By Jude Webber and Michael Stott

CAFTA-DR “was seen…as a way to guarantee access to the US market rather than to integrate among themselves," said AS/COA's Eric Farnsworth to Financial Times.

Jocsan Avilés Díaz comes from a town called El Progreso — progress — but for him, it was anything but. Unemployment drove him out of Honduras in 2019, bound for the US. “I hadn’t had a job in years,” he explained, still stuck on the Mexican side of the border two years later…

Unauthorised border crossings into the US from Mexico have soared this year to near 20-year highs. This poses an acute political problem for President Joe Biden, who has asked Vice President Kamala Harris to deal with the crisis and has earmarked $4bn in aid for the Northern Triangle. How this will be spent is not clear.
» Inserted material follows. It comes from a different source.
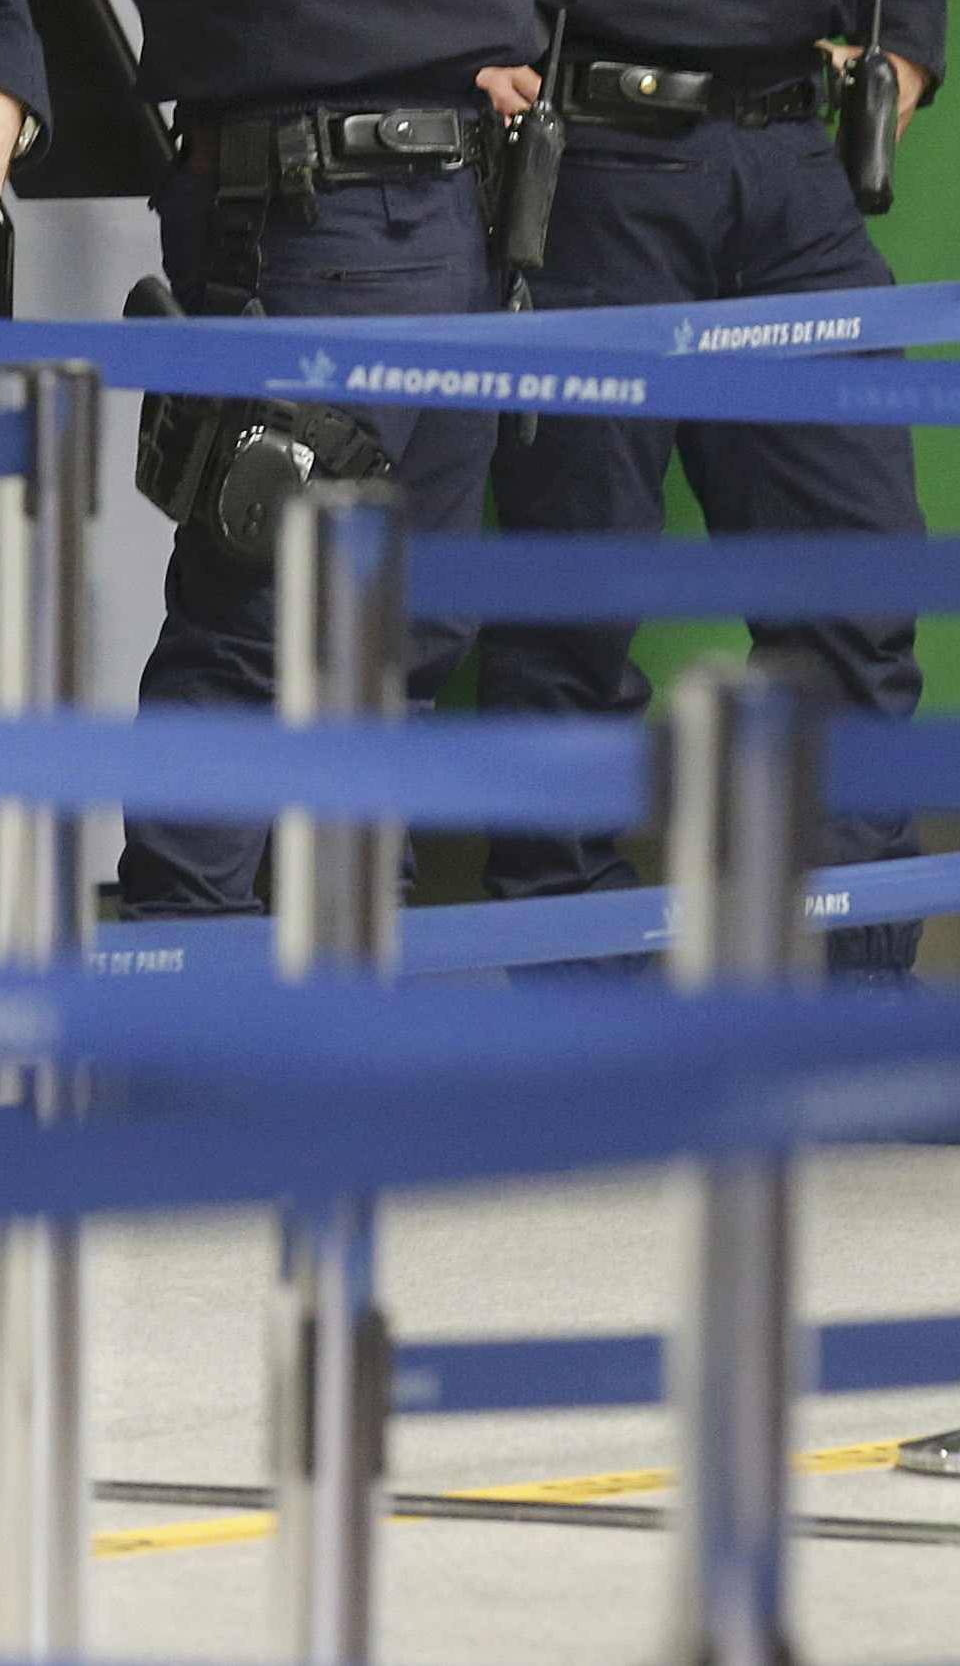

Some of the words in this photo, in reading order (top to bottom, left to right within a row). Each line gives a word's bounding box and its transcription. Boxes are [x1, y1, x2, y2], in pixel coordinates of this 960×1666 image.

“We want to help people find hope at home,” she told a regional conference this month as the US focuses less on interdiction, as it did under Donald Trump, and more on financing development. “And so we are focused on addressing both the acute factors and the root causes of migration.”…

“CAFTA-DR hasn’t worked as intended for a variety of reasons: it was seen…as a way to guarantee access to the US market rather than to integrate among themselves; it didn’t effectively mesh up with Nafta…and during the negotiations, the US restricted imports of a number of products where the region was highly competitive,” said Eric Farnsworth, vice-president of the Council of the Americas…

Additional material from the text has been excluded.